LES APPLICATIONS DE TRACKING SOUS SURVEILLANCE

LES APPLICATIONS DE TRACKING SOUS SURVEILLANCE

Un comité de chercheurs étudie les impacts sociétaux des technologies utilisées dans la lutte contre le COVID-19

Depuis le début de la pandémie, les pays ont déployé toute une panoplie de dispositifs technologiques pour tenter d’enrayer la propagation du coronavirus. Particulièrement en Asie, avec le développement d’outils permettant notamment d’identifier les individus ayant été en contact avec des malades. 

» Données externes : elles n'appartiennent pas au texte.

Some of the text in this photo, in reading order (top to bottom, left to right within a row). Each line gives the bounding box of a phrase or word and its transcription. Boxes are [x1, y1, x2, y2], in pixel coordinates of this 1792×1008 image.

Au Québec, les équipes de Yoshua Bengio de Mila, l’Institut Québécois d’intelligence artificielle, développent depuis plusieurs semaines une application mobile pour retracer les déplacements des personnes infectées. Elle pourrait nous aider à mieux évaluer les risques de contracter la maladie dans une phase de déconfinement par exemple. Son utilisation resterait volontaire. Mila serait d’ailleurs actuellement en discussion avancées avec les autorités.

Des outils qui font débat

Ces outils et projets soulèvent toutefois de nombreuses questions chez les éthiciens.

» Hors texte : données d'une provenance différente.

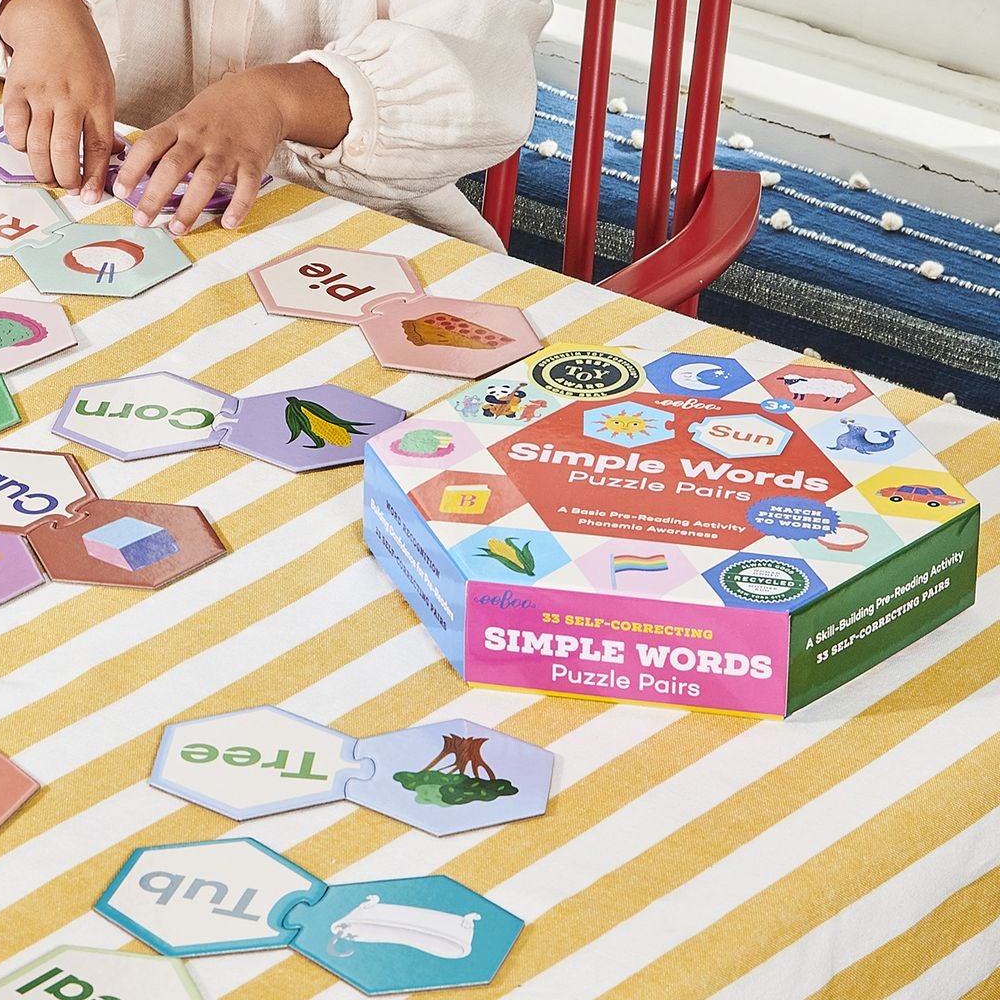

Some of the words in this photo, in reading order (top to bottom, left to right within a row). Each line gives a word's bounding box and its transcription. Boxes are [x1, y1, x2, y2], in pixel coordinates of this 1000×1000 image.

[298, 263, 376, 302] Pie
[565, 366, 610, 381] TOY
[575, 360, 610, 368] BEST
[555, 377, 605, 390] AWARD
[75, 400, 215, 430] Corn
[766, 401, 791, 411] 3+
[708, 425, 775, 446] Sun
[507, 442, 665, 475] Simple
[680, 458, 829, 492] Words
[568, 470, 665, 493] Puzzle
[676, 481, 752, 502] Pairs
[557, 506, 568, 514] A
[571, 507, 607, 517] Basic
[609, 511, 690, 527] Pre-Reading
[693, 520, 746, 533] Activity
[755, 517, 774, 525] TO
[779, 520, 831, 531] WORDS
[758, 511, 830, 524] PICTURES
[770, 506, 822, 517] MATCH
[578, 518, 643, 532] Phonemic
[646, 525, 719, 539] Awareness
[733, 574, 795, 587] RECYCLED
[805, 637, 814, 650] A
[815, 604, 875, 645] Skill-Building
[876, 571, 929, 610] Pre-Reading
[930, 550, 964, 578] Activity
[542, 612, 561, 624] 33
[565, 614, 714, 640] SELF-CORRECTING
[816, 651, 829, 664] 33
[831, 595, 920, 655] SELF-CORRECTING
[922, 577, 951, 602] PAIRS
[484, 626, 625, 664] SIMPLE
[636, 643, 773, 680] WORDS
[551, 663, 631, 689] Puzzle
[639, 673, 701, 697] Pairs
[181, 744, 328, 780] Tree
[139, 871, 260, 921] Tub
[16, 967, 122, 1000] al
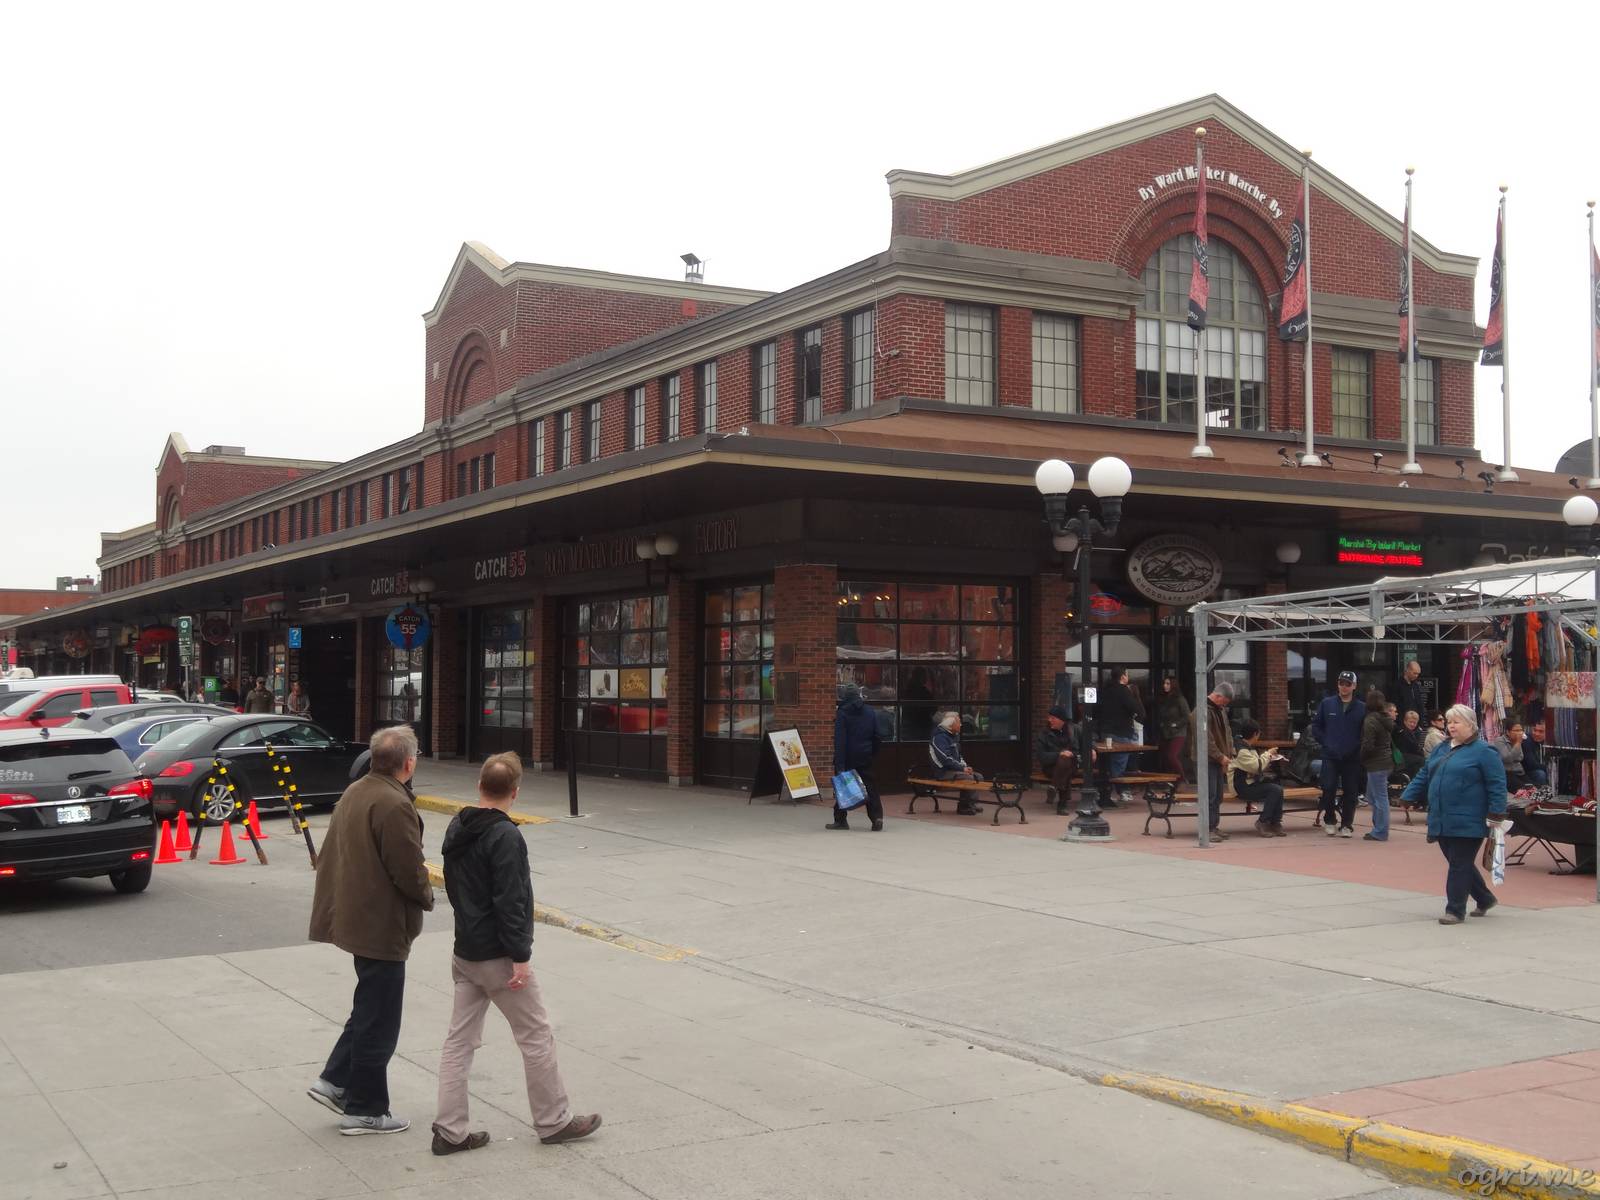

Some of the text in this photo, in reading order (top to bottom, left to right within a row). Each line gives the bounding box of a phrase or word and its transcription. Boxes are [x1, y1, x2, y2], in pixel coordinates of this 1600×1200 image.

« A l’OBVIA, nous sommes préoccupés. Ces technologies peuvent être très utiles, mais elles posent des questions par rapport à des enjeux sociaux, éthiques et juridiques », nous affirme Lyse Langlois, Directrice scientifique de l’Observatoire international sur les impacts sociétaux de l’intelligence artificielle et du numérique.

L’Observatoire a obtenu 200 000$ des Fonds de recherche du Québec pour former un comité de chercheurs chargé d’évaluer les effets de ces outils dans la lutte contre le virus. Ils sont une quinzaine, issus de diverses universités. Leur mission : faire une veille des initiatives technologiques au Québec et à travers le monde et contribuer à la réflexion sur les enjeux qu’elles soulèvent. Le tout donnera lieu à des recommandations destinées aux autorités publiques.

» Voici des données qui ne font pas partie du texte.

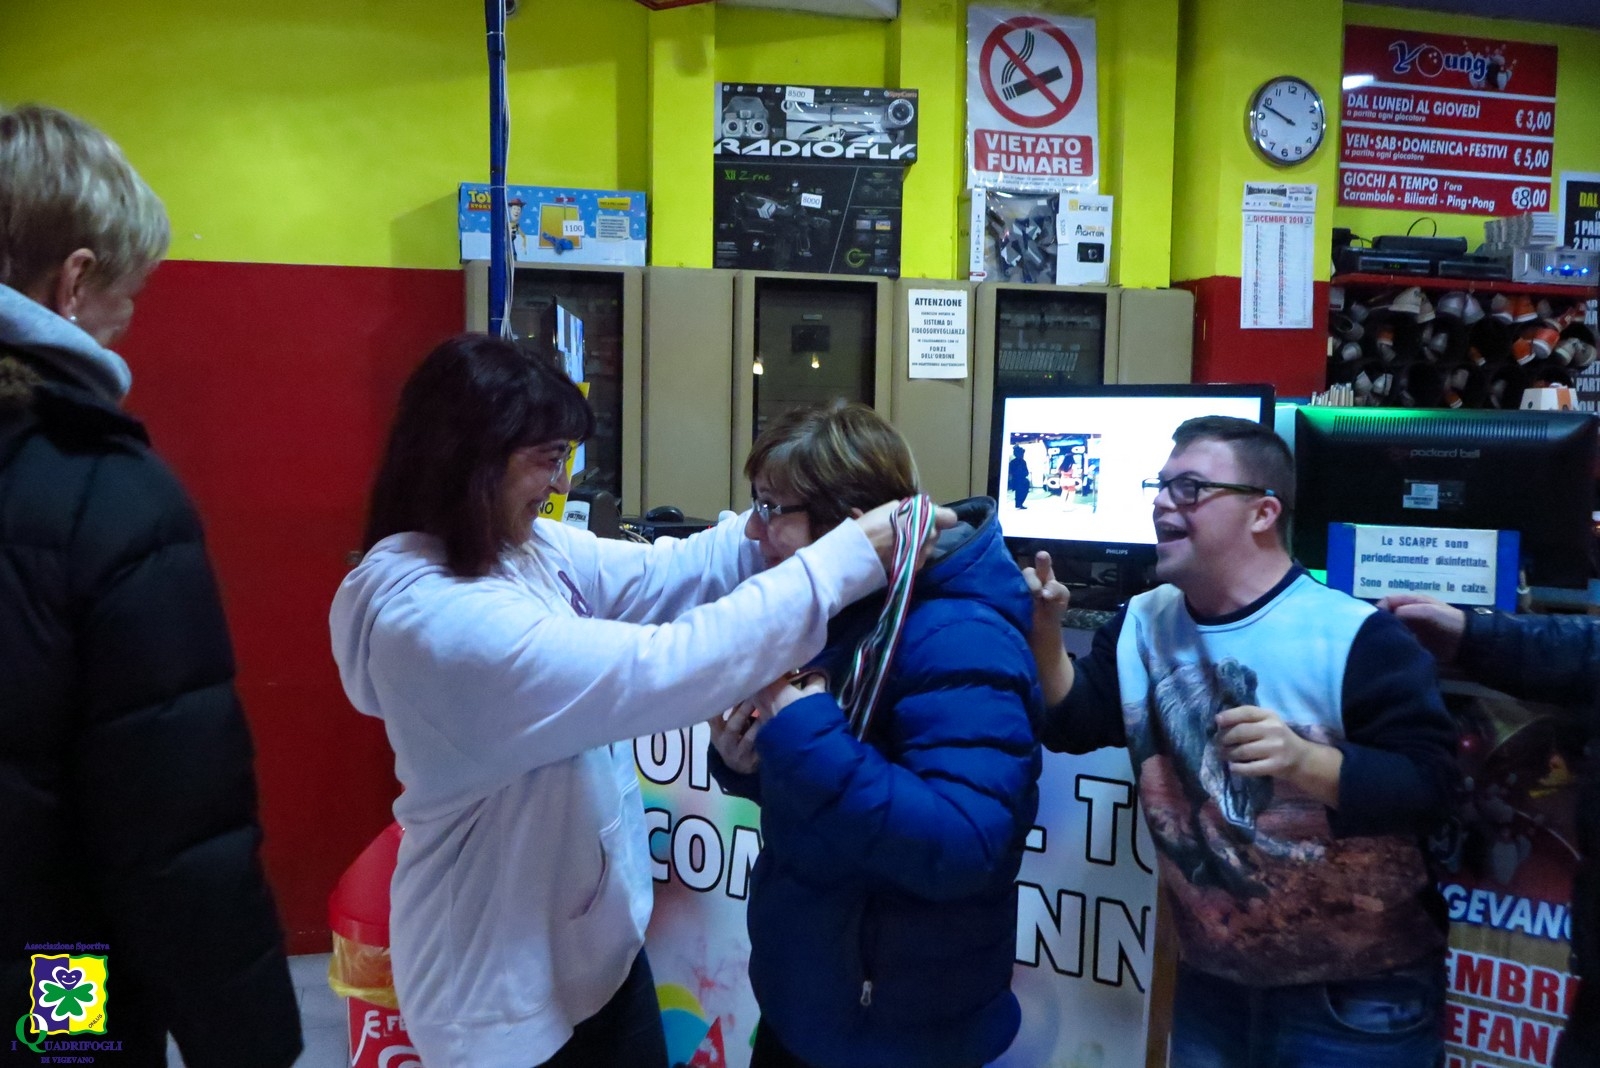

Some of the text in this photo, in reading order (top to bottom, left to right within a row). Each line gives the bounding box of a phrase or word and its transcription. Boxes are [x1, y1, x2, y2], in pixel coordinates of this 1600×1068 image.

[788, 89, 806, 98] 8500
[1347, 93, 1480, 118] DAL LUNEDÌ AL GIOVEDÌ
[1526, 110, 1551, 132] 3,00
[714, 138, 917, 160] RADIOFLY
[984, 132, 1081, 155] VIETATO
[987, 153, 1083, 174] FUMARE
[1523, 148, 1549, 170] 5,00
[1343, 171, 1386, 188] GIOCHI
[1388, 174, 1397, 189] A
[1401, 176, 1438, 191] TEMPO
[1404, 192, 1438, 205] Biliardi
[1253, 215, 1287, 224] DICEMBRE
[915, 298, 962, 307] ATTENZIONE
[911, 327, 966, 335] VIDEOSORVEGLIANZA
[1410, 448, 1458, 458] packard
[1382, 535, 1469, 549] Le SCARPE sono
[1361, 554, 1490, 568] periodicamente disinfettate.
[1360, 577, 1489, 594] Sono obbligatorie le calze.
[1437, 883, 1572, 940] GEVAN

« On travaille en interdisciplinarité. C’est majeur. Quand les concepteurs conçoivent ces outils-là, il faudrait que les autres disciplines puissent participer à la réflexion en amont, et non pas en bout de piste. Les éthiciens vont s’apercevoir immédiatement des problèmes ou questions que vont poser ces applications » poursuit la directrice de l’OBVIA.

Un enjeu de démocratie 

En France, l’application Stop Covid suscite déjà de nombreuses polémiques. Apple et Google ont annoncé qu’ils allaient travailler ensemble pour que leurs téléphones échangent des données via Bluetooth pour lutter contre le coronavirus. Et les risques de dérapages, particulièrement dans les régimes autoritaires comme la Chine sont bien réels. 

« Nous trouvons que c’est un enjeu de démocratie, et d’autodétermination. Quand on sait déjà que les compagnies privées possèdent énormément de données de géolocalisation sur nous. Nous nous posons beaucoup de questions. À qui appartiennent les données? Comment cela va être géré? En plus toutes ces applications de contact tracking qui se mettent en place, sont faites dans chaque pays avec les propres particularités de ces pays. Singapour, Taïwan, la Corée du Sud, ce sont des États qui sont habitués à vivre avec la technologie. Ici, on va se demander si on stigmatise une population qui a moins accès à la technologie, est-ce qu’on engendre de la discrimination?…  À l’OBVIA, nous souhaitons recommander et orienter. Le concept-clé, c’est l’innovation responsable » conclut Lyse Langlois.